Many shots in the film were time-consuming to make: a 35-second shot of the Blue Angels flying over the Colorado River and Yuma Desert took over four months to choreograph. Camera mounts were designed by the United States Navy for a McDonnell Douglas F-4 Phantom II piloted by Kevin O'Mara used to film the shot. Nelson Tyler spent two months developing two mounts for the camera helicopters to film front and side shots, providing smoothness as the smallest vibrations would be noticeable on IMAX. The helicopters were piloted by George Nolan, Chuck Phillips, and Adrian Brooks. Mounts were also made by Boeing for the Boeing 747; they used its first prototype. (Note: Attributed to multiple references:) Art Scholl's "Super Chipmunk" aircraft was used to film front shots. The Navy donated helium for the hot air balloon, thanks to the Blue Angels' presence in the film. The balloon, in shots where it actually flies, was piloted by Kurt Stehling, with whom MacGillivray has collaborated in Above San Francisco (1973).

Aerial work platforms were used to support the balloon basket and camera; two platforms supported the basket as it moved in opposing directions to heighten the illusion of flight. The balloon was decorated with 13 American flags, the number of states in the US in 1831, sewn by a vexillography shop. To create a shot in which a Sierra No. 3 train seemingly hits the camera, inspired by the allegedly jolting effects of L'Arrivée d'un train en gare de La Ciotat (1895), the crew placed a mirror in a diagonal position at the rail facing towards the camera, which imaged the mirror for a symmetrical view of the rail as the train approached and shattered it. The illusion of pilots flying was made by filming close-ups of the aircraft backdropped by the sky while the camera dawdles within a rigid camera dolly. Bob Wills flew a hang glider above the Nā Pali coastline.

Various kinds of transportation were used. In one scene, a stagecoach races with the train; previously there is a Conestoga wagon. Frank Tallman flew a Curtiss Model D for the mechanical flight scene. A Ford Model T was used in the scene talking about the invention of cars; the succeeding scene was filmed above Coastal California. The Blue Angels flew Douglas A-4 Skyhawks. Aerials of the 747 were filmed from a provided 737. With the theme of westward expansion, the iconic 630-foot-tall (192 m) Gateway Arch is flown through in St. Louis. Other filming locations included Lake Powell, Monument Valley, Zion Canyon, Yosemite Falls, the Appalachian Mountains, and the Sierra Nevada. The barnstorming scene was filmed in California, and the opening sequence's forests in Parsons, West Virginia. Filming also occurred in Alaska and Craftsbury, Vermont. A barn raising scene from the opening was cut from the final release. Overall, 150,000 ft of film stock were used. (Note: Attributed to multiple references:)

==== Space sequence ====

Video of the Saturn V's interstage ring, also shown in the film

To Fly!s space sequence depicts the launch of the Saturn IB, before showing a fictional spaceship voyaging around the Solar System.

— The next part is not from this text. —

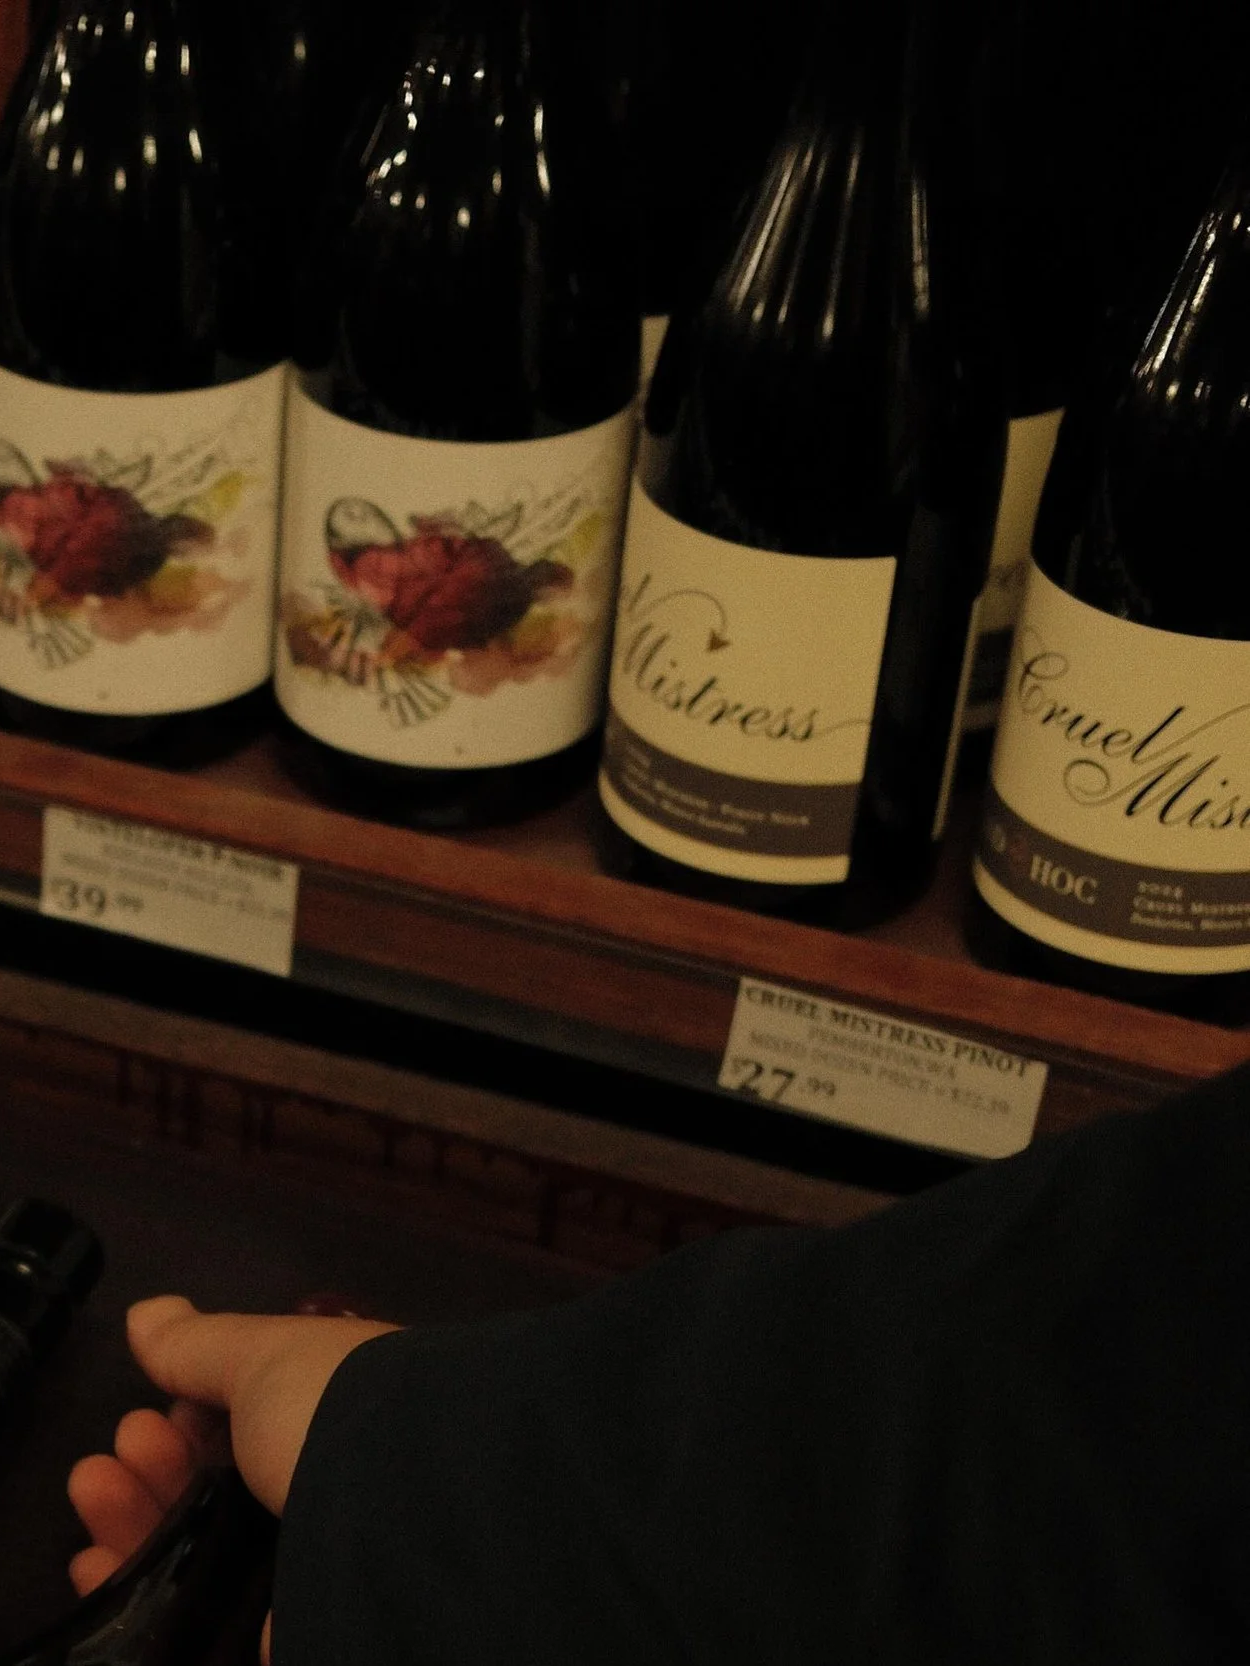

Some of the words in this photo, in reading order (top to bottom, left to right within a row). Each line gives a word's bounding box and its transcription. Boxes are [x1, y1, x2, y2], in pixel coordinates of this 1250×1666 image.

[1014, 645, 1186, 765] Cruel
[745, 985, 823, 1021] CRUEL
[829, 1008, 947, 1055] MISTRESS
[952, 1040, 1031, 1079] PINOT

Five nebulae are then depicted before ending with a view of Earth.

The filmmakers were given permission to film the launch, marking the first time such was filmed in IMAX. They took this part more seriously because it could not be repeated. After filming 1,200 ft away from the launch pad, they left their camera outside for a day, forming condensation inside and exacerbated by seasonal thunderstorms. It was found wet and jammed, and the crew spent three hours cleaning it to recover the recording. Meanwhile, a shot of the Saturn V's interstage ring jettisonning back to Earth was filmed in 16 mm film from the actual rocket's second stage, during Apollo 4 in 1967.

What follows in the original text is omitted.